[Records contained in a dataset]
****************************************

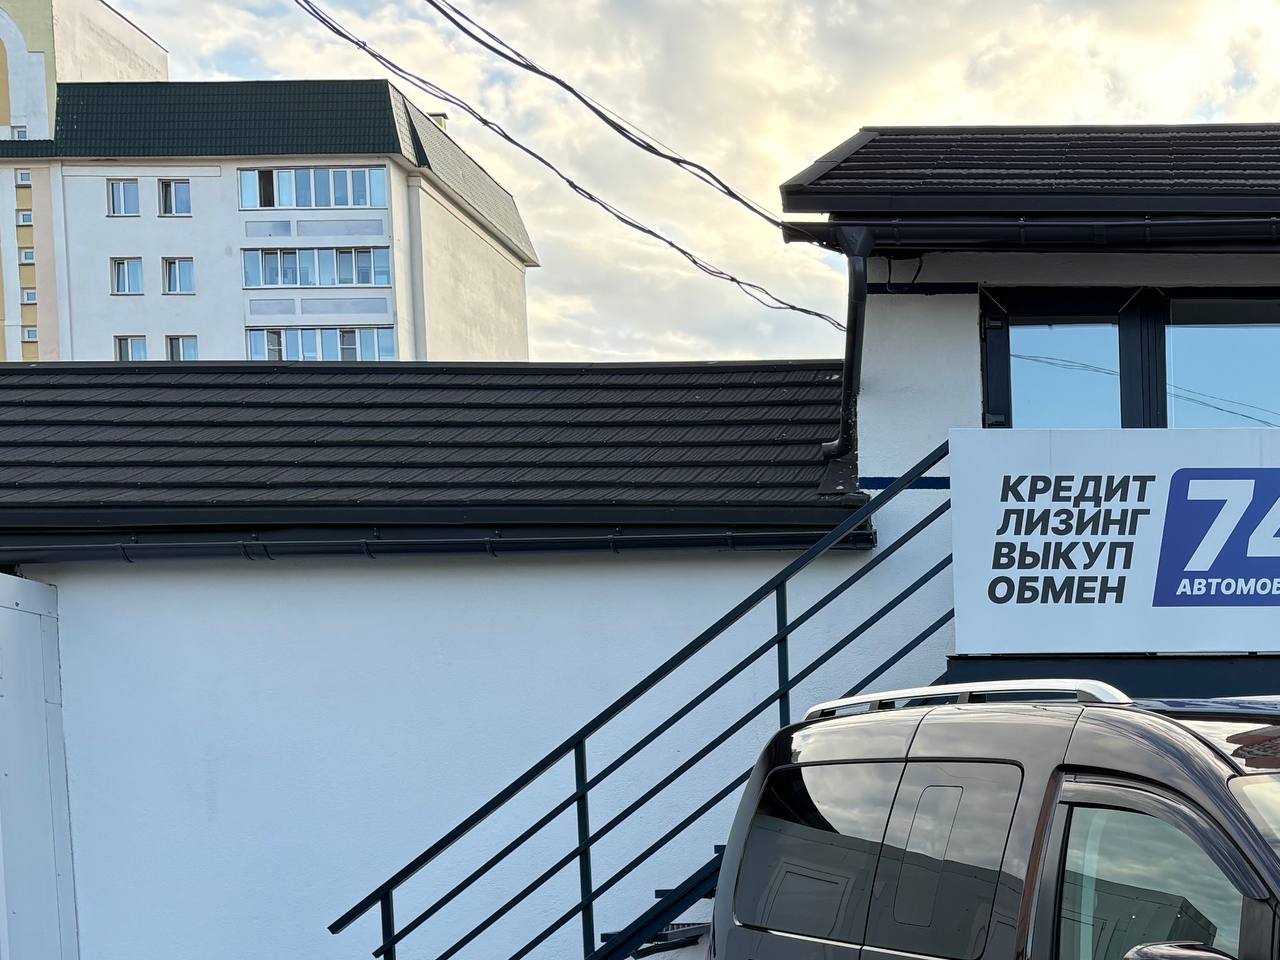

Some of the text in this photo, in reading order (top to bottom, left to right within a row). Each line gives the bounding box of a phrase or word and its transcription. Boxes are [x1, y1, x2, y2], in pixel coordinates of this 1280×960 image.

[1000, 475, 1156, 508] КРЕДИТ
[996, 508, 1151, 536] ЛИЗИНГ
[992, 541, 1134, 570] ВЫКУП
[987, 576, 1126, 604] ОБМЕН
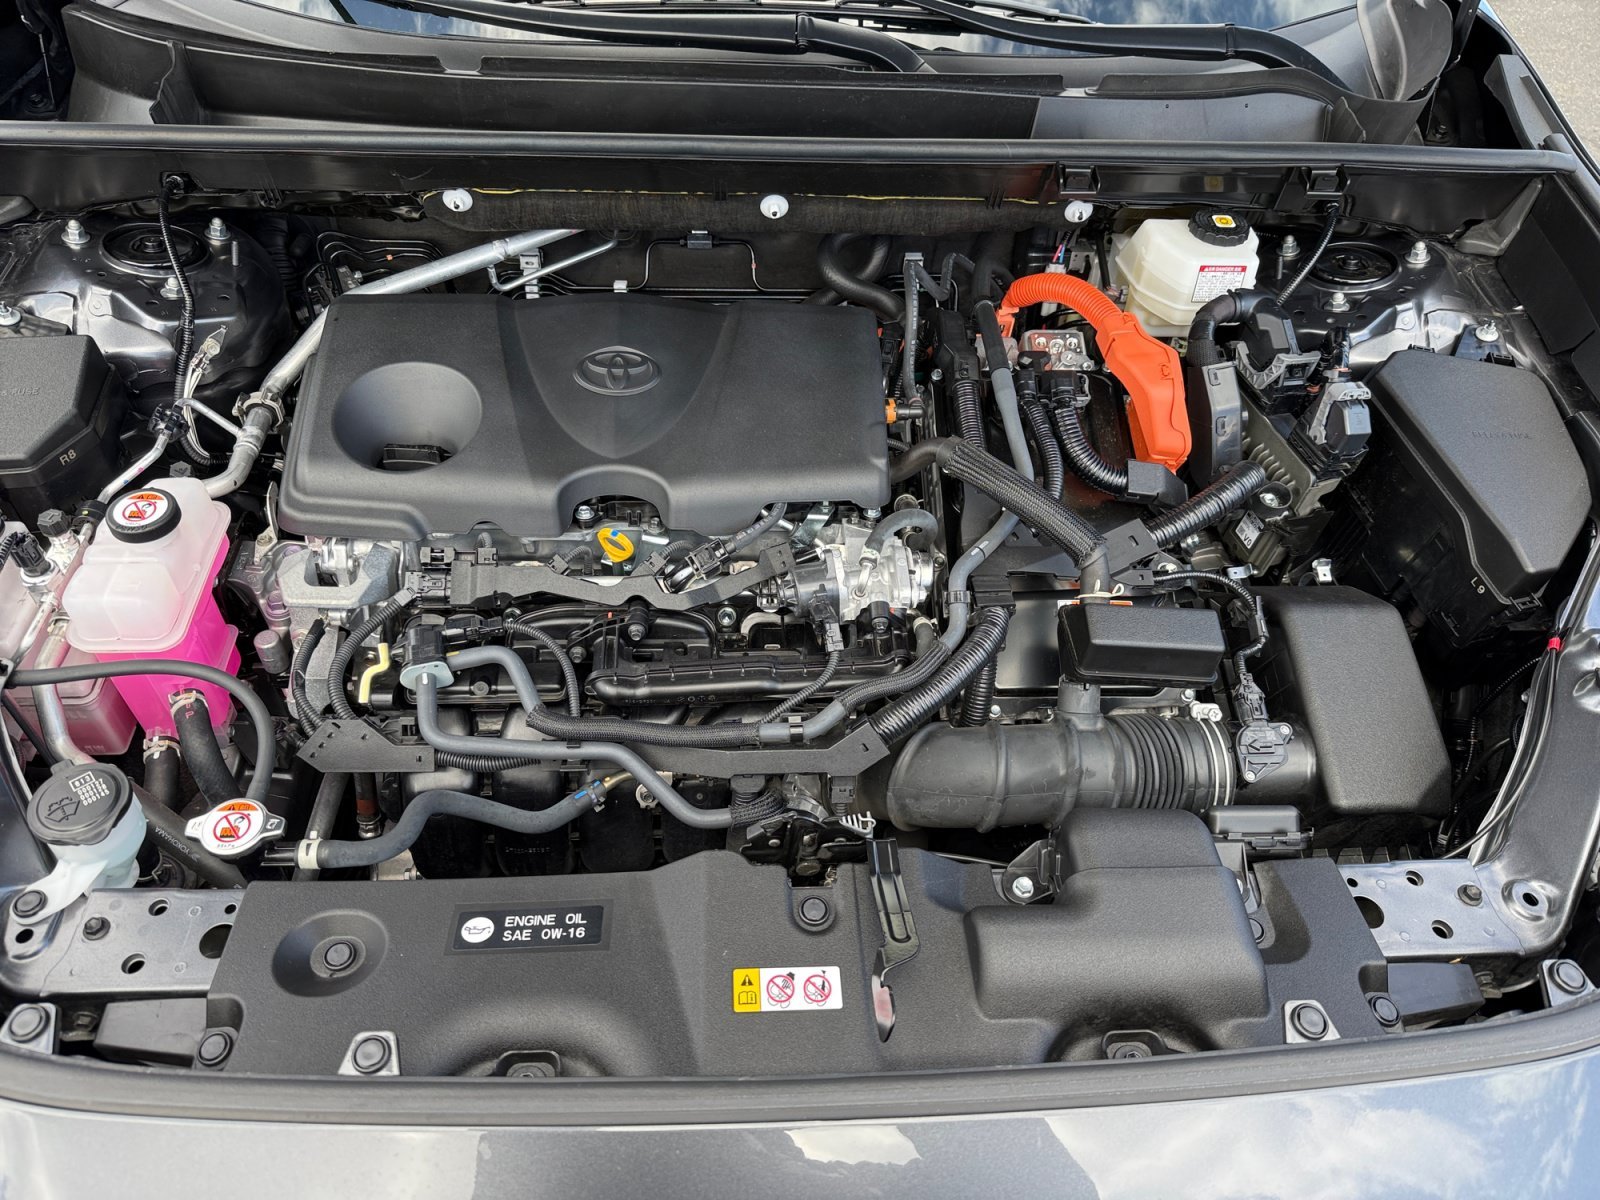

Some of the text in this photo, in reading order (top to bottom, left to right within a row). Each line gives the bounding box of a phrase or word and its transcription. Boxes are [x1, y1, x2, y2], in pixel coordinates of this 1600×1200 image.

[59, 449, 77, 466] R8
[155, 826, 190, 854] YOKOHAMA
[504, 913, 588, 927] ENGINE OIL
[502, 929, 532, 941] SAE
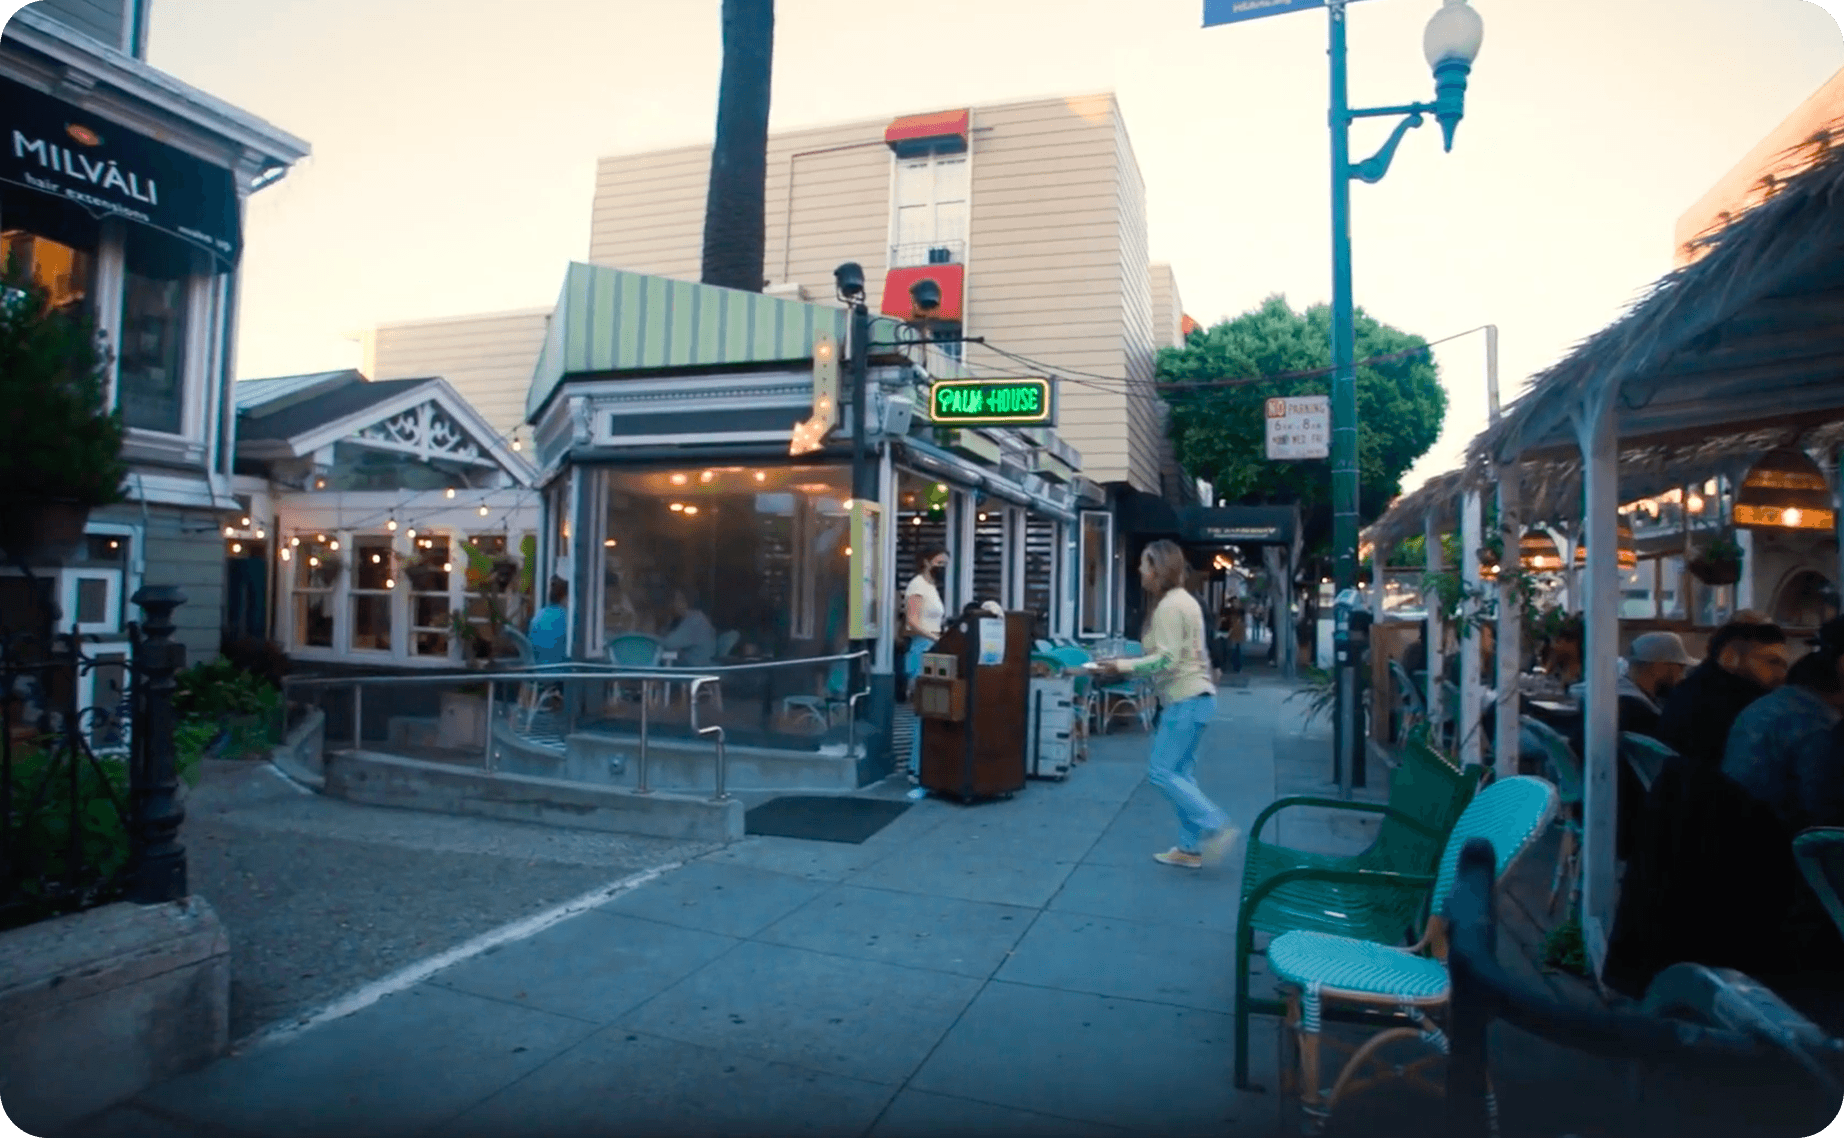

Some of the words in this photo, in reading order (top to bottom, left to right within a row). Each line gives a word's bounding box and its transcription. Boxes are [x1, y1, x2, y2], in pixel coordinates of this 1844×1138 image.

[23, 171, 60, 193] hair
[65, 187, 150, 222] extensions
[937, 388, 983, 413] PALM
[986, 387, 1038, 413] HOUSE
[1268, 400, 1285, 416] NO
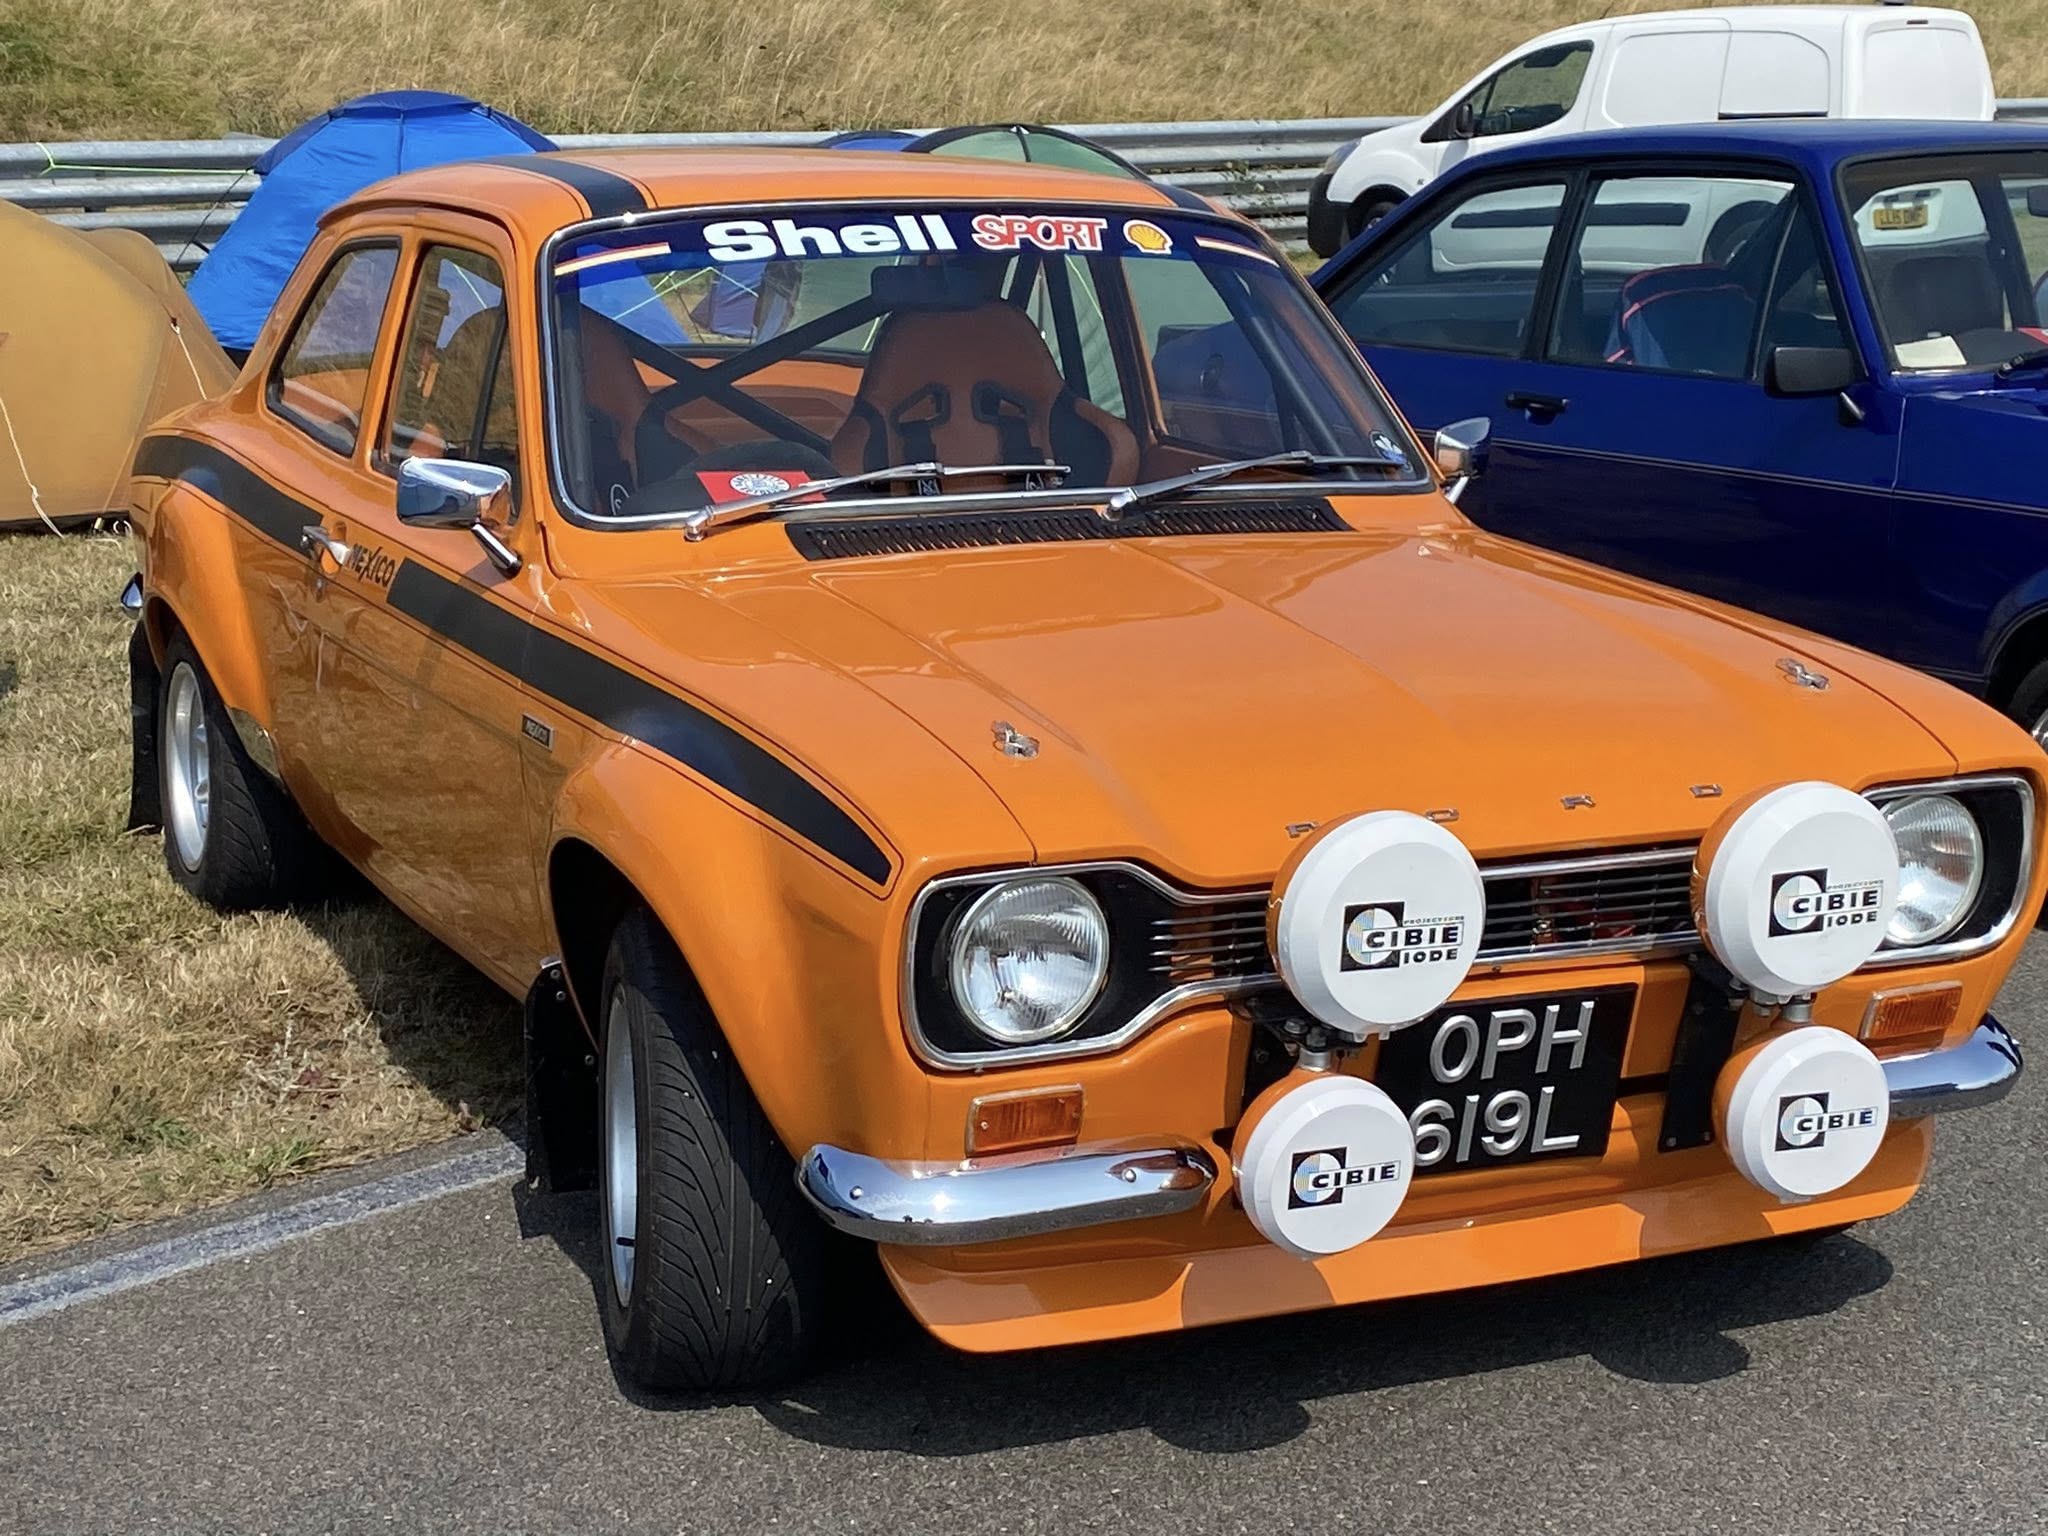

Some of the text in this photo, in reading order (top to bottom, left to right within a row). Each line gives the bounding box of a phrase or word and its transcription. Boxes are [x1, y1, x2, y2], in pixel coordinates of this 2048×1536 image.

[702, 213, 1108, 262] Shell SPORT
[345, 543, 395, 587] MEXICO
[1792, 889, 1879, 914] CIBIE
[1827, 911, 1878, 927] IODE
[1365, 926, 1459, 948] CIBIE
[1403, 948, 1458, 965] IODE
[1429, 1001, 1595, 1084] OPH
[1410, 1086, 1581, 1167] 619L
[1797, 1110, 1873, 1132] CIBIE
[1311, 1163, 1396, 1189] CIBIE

****************************************

* _Instructions for the task_: Reproduce each entry exactly as written, but leave out the images.

* _Response for this exercise_:
Some of the text in this photo, in reading order (top to bottom, left to right within a row). Each line gives the bounding box of a phrase or word and its transcription. Boxes are [x1, y1, x2, y2], in pixel coordinates of this 1280×960 image.

[1000, 475, 1156, 508] КРЕДИТ
[996, 508, 1151, 536] ЛИЗИНГ
[992, 541, 1134, 570] ВЫКУП
[987, 576, 1126, 604] ОБМЕН

Some of the text in this photo, in reading order (top to bottom, left to right within a row). Each line gives the bounding box of a phrase or word and its transcription. Boxes are [x1, y1, x2, y2], in pixel coordinates of this 1600×1200 image.

[59, 449, 77, 466] R8
[155, 826, 190, 854] YOKOHAMA
[504, 913, 588, 927] ENGINE OIL
[502, 929, 532, 941] SAE

Some of the words in this photo, in reading order (top to bottom, left to right within a row). Each line gives a word's bounding box and its transcription. Boxes are [x1, y1, x2, y2], in pixel coordinates of this 1844×1138 image.

[23, 171, 60, 193] hair
[65, 187, 150, 222] extensions
[937, 388, 983, 413] PALM
[986, 387, 1038, 413] HOUSE
[1268, 400, 1285, 416] NO

Some of the text in this photo, in reading order (top to bottom, left to right within a row). Each line gives the bounding box of a phrase or word and its transcription. Boxes are [x1, y1, x2, y2], in pixel coordinates of this 2048×1536 image.

[702, 213, 1108, 262] Shell SPORT
[345, 543, 395, 587] MEXICO
[1792, 889, 1879, 914] CIBIE
[1827, 911, 1878, 927] IODE
[1365, 926, 1459, 948] CIBIE
[1403, 948, 1458, 965] IODE
[1429, 1001, 1595, 1084] OPH
[1410, 1086, 1581, 1167] 619L
[1797, 1110, 1873, 1132] CIBIE
[1311, 1163, 1396, 1189] CIBIE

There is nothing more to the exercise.